**TRY IT**. Return a faithful copy of all the entries, omitting the images.

**DATA TO PROCESS**.
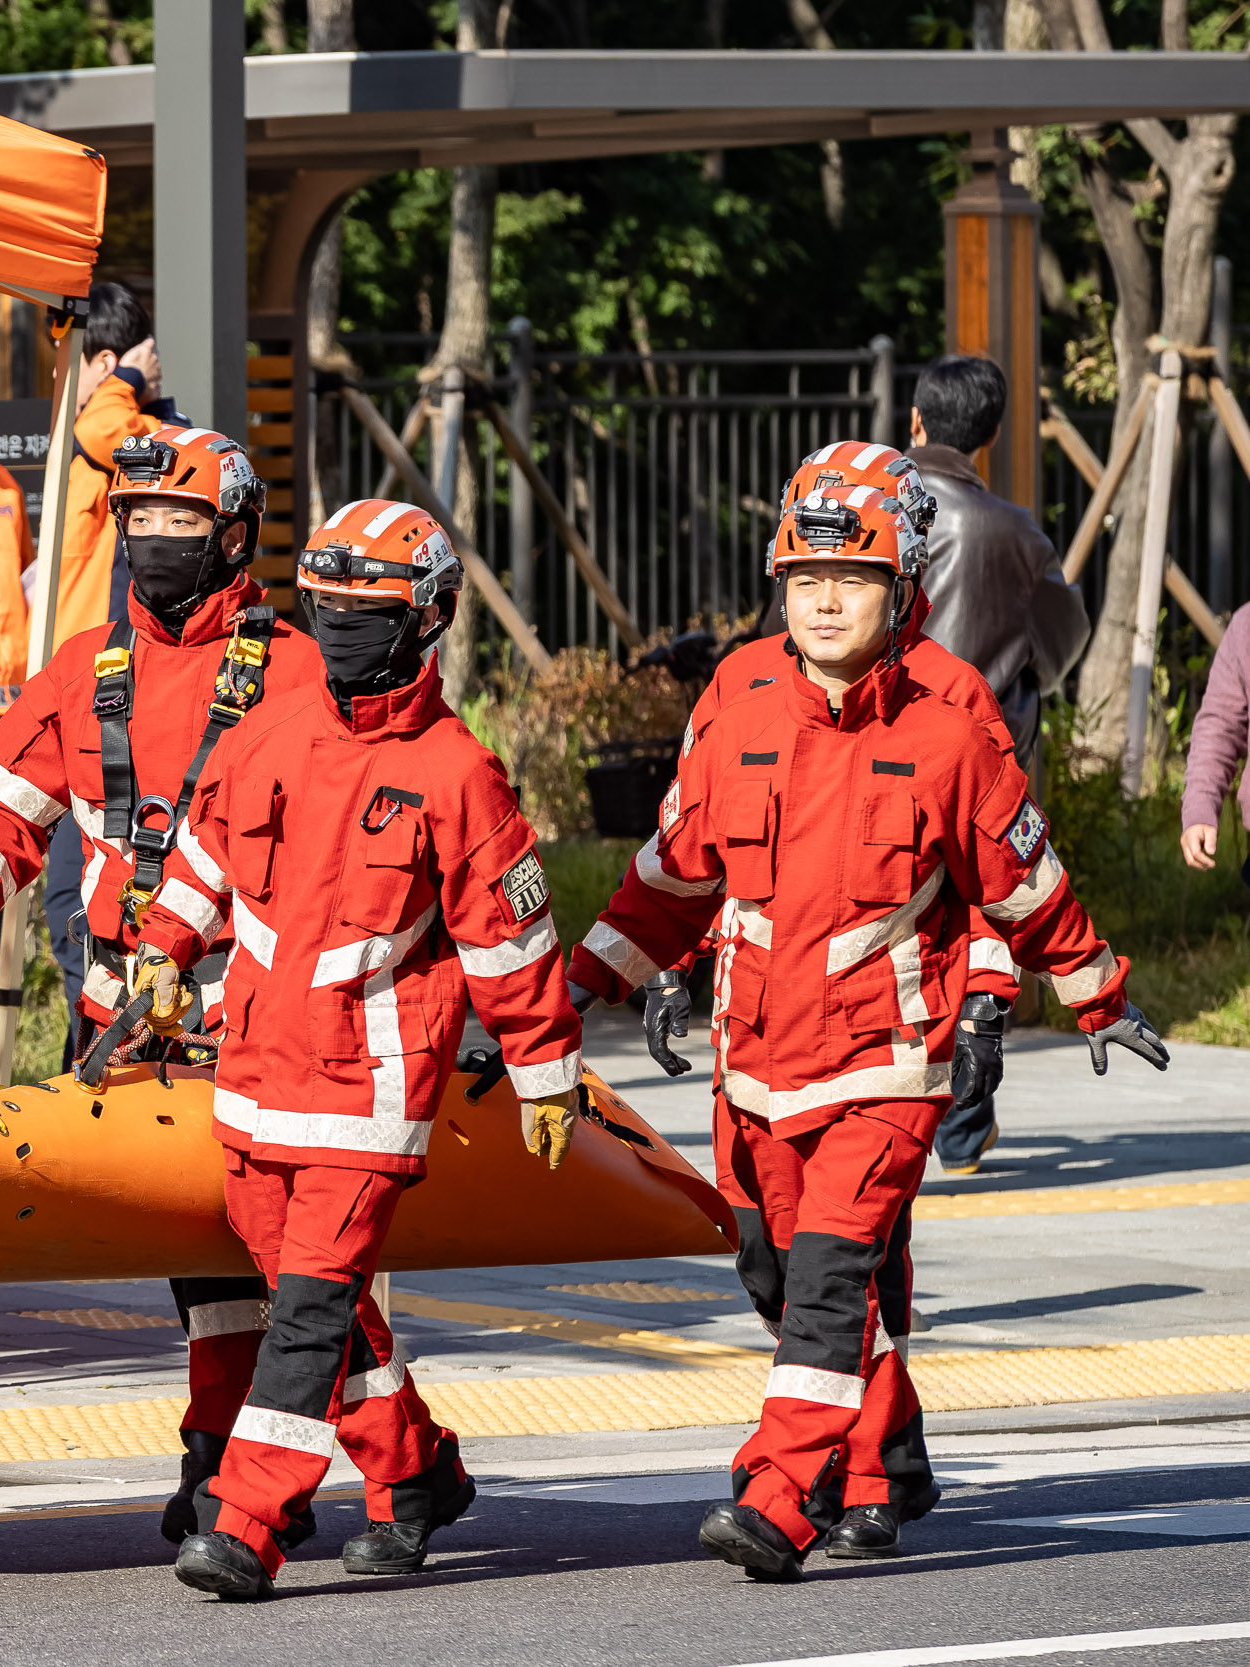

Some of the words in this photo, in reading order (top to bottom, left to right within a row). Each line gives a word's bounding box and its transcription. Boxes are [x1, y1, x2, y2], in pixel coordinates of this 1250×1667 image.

[222, 456, 236, 472] 119
[900, 477, 911, 496] 119
[414, 543, 429, 565] 119
[363, 562, 385, 573] PETZL
[1021, 822, 1046, 860] KOREA
[504, 854, 540, 895] RESCUE
[513, 874, 548, 917] FIRE

**RESULT FOR THIS TASK**.
Some of the words in this photo, in reading order (top to bottom, left to right within a row). Each line gives a word's bounding box and its transcription. Boxes are [x1, y1, x2, y2], in pixel coordinates of this 1250×1667 image.

[222, 456, 236, 472] 119
[900, 477, 911, 496] 119
[414, 543, 429, 565] 119
[363, 562, 385, 573] PETZL
[1021, 822, 1046, 860] KOREA
[504, 854, 540, 895] RESCUE
[513, 874, 548, 917] FIRE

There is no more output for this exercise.